Project: Other External Funding

Project Details

Description / Abstract

The development of towns and cities was a crucial aspect of the later middle ages, and this growth left long-lasting legacies, not least for the exercise of government in practice and for associated ideas of governance. This project addresses the problem of how to understand the languages, terminology and ideas of governmental practice in western European towns in the later middle ages. It does so through new analysis of recently created resources for the Bavarian city of Augsburg and the smaller Scottish burgh of Aberdeen.

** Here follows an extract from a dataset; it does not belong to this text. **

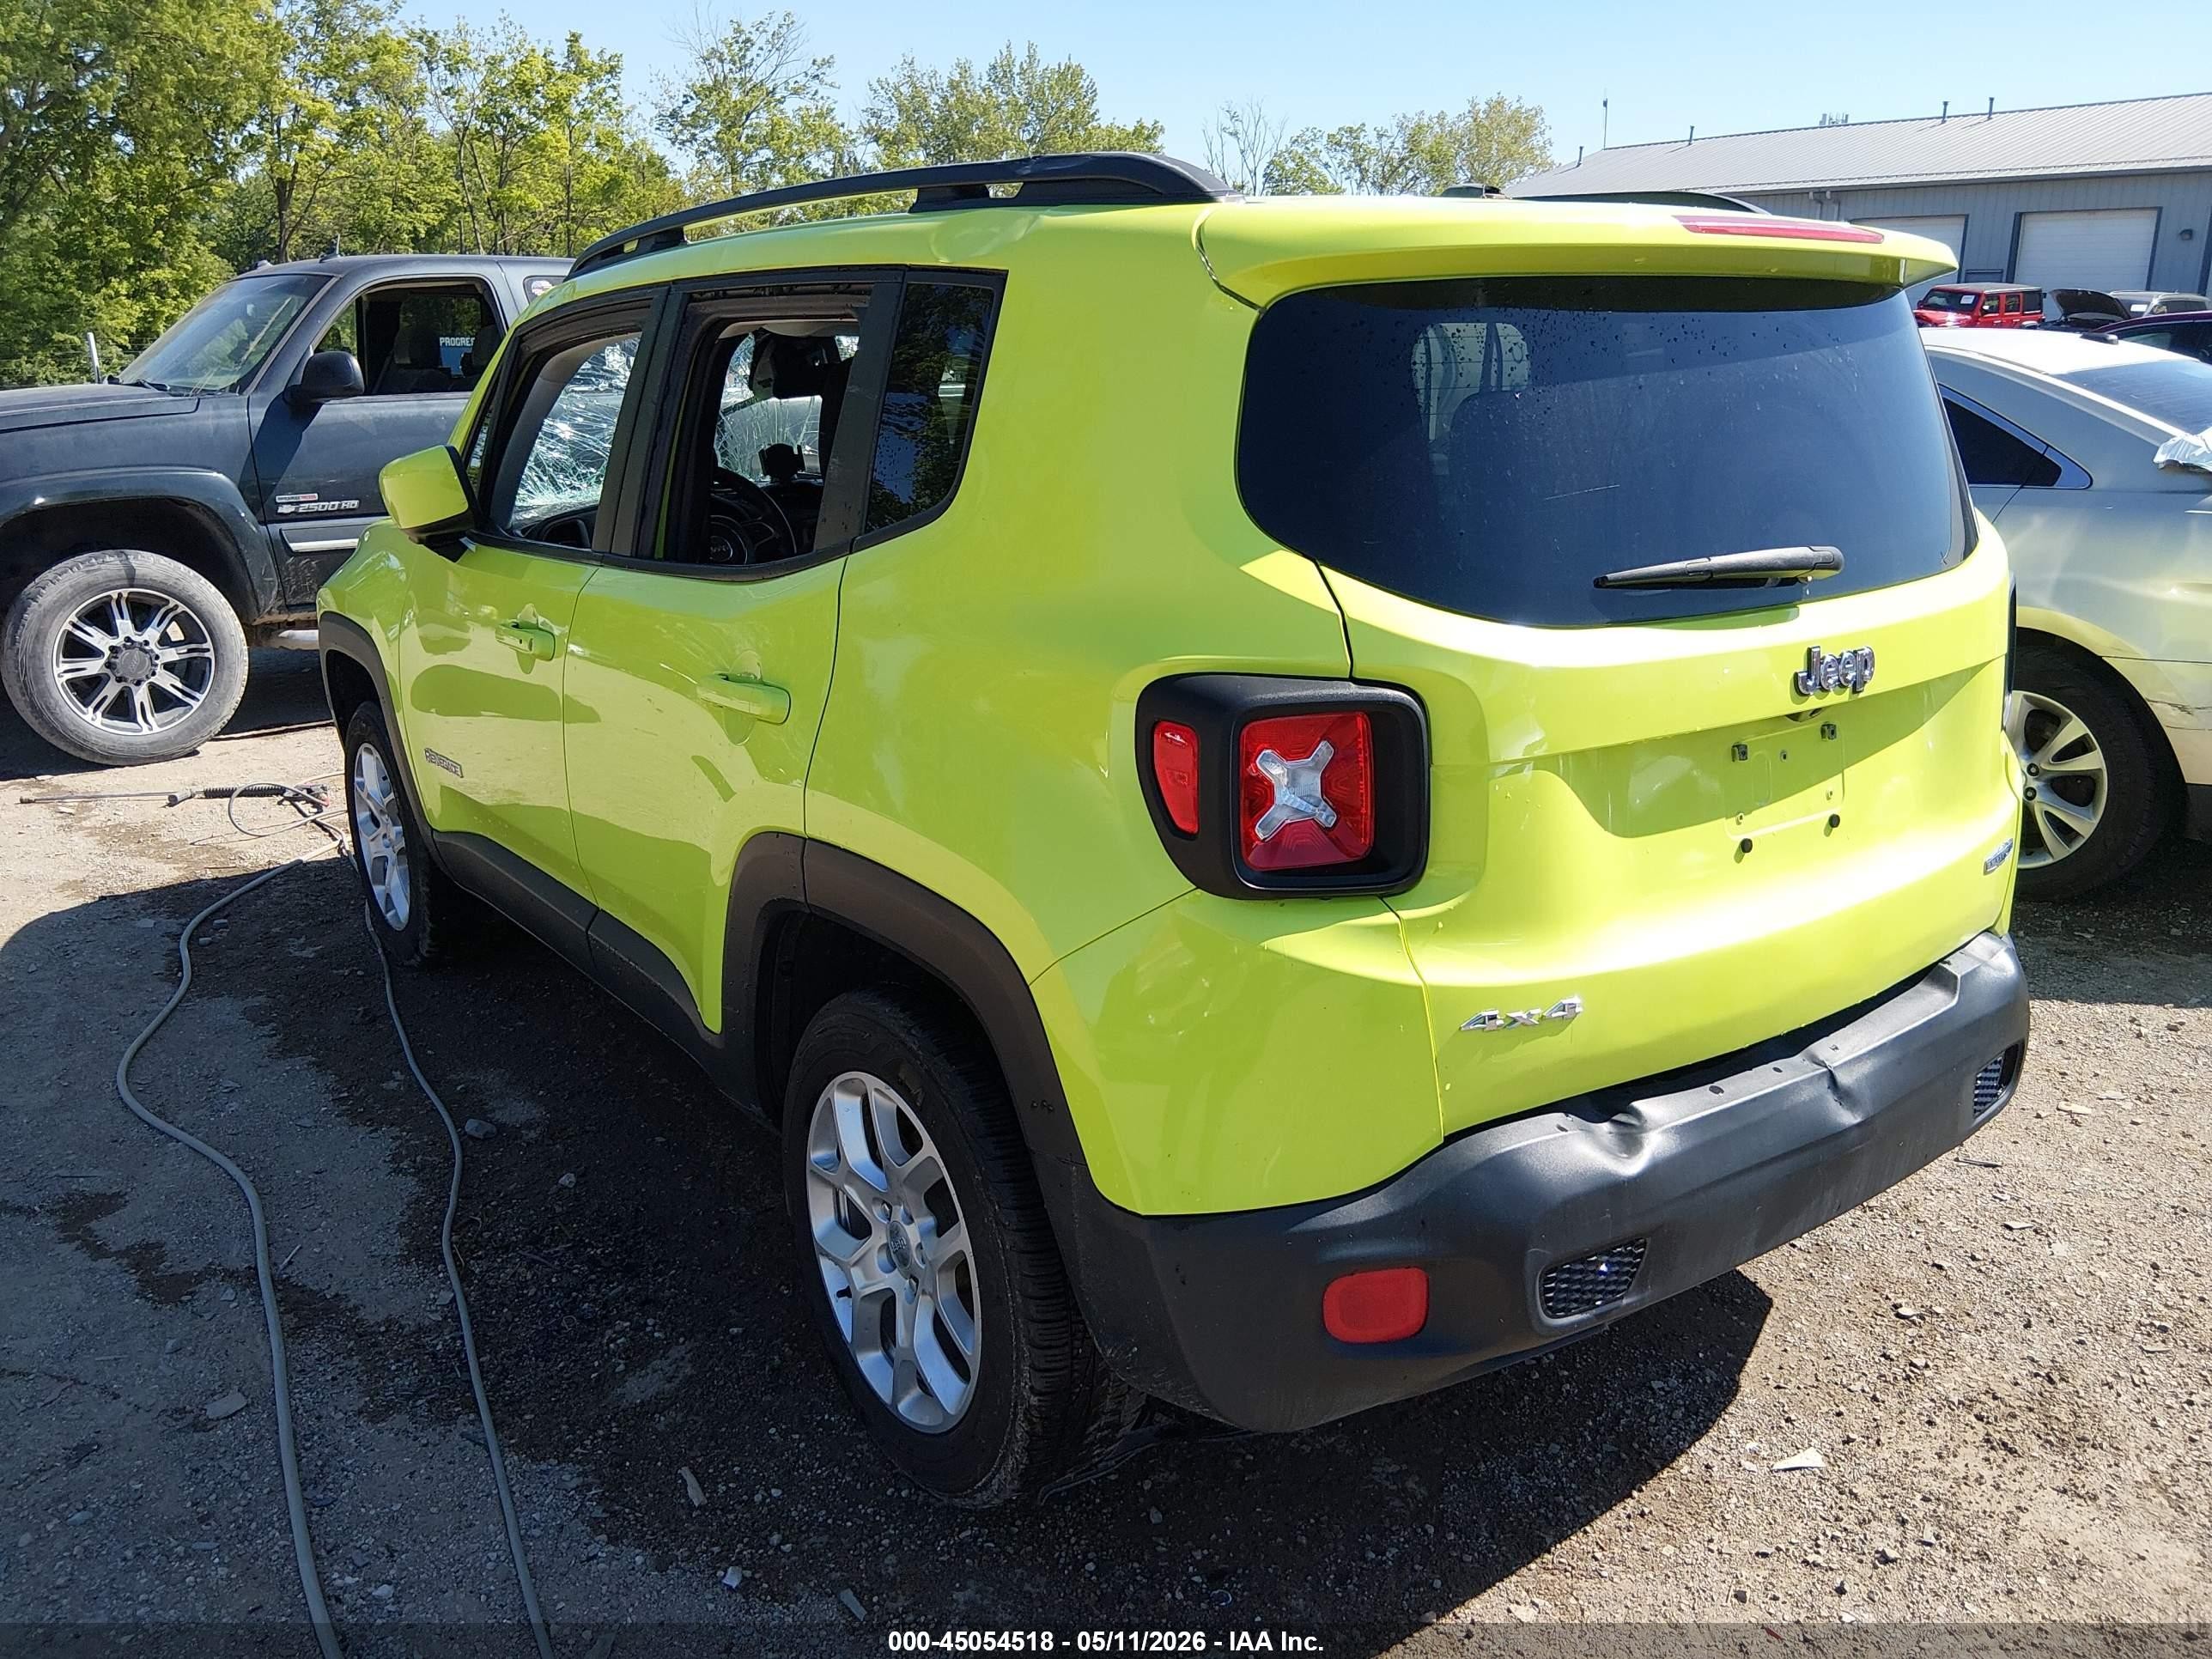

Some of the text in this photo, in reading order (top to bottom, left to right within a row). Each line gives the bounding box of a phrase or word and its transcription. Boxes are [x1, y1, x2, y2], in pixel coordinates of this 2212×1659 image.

[298, 500, 360, 513] 2500 HD
[1793, 646, 1875, 696] Jeep

The Aberdeen records hold UNESCO UK designation status. Preceding collaborative projects led by the co-applicants have created digital transcriptions of the textual contents of different types of urban administrative record - the mainly financial ledger books of Augsburg (1320-1466/70) and the mainly legal council registers of Aberdeen (1398-1511). The opportunity now is to place these resources in comparison and undertake deep historically driven analysis of their content, and simultaneously to develop the ways in which German and Scottish historiographies of the medieval period can benefit from more direct academic dialogue.

The examination will address the following aspects of the Augsburg and Aberdeen records: (1) what were the terminology and ideas of financial administration active in both towns; (2) what were the terminology and ideas of legal-juridical administration (again, in both towns); in both cases asking was there a shared vocabulary of governance, particularly concerning law and finance; and (3) how best to address the methodological challenge of a structured comparison of these two XML data sets. The TEI-format of both XML resources means the comparison is possible; the role of the language technician RF will be vital in applying existing tools and designing new techniques for automatic analysis to support historical enquiry, and enabling a corpus-scale examination of the relevant terminology and advancing an important field of digital humanities.

More broadly, this analysis will enable us to consider how the language of practice differs from the normative language of treatises and commentaries on government in the period, and how far 'urban' is a useful category in the analysis of medieval administrative records.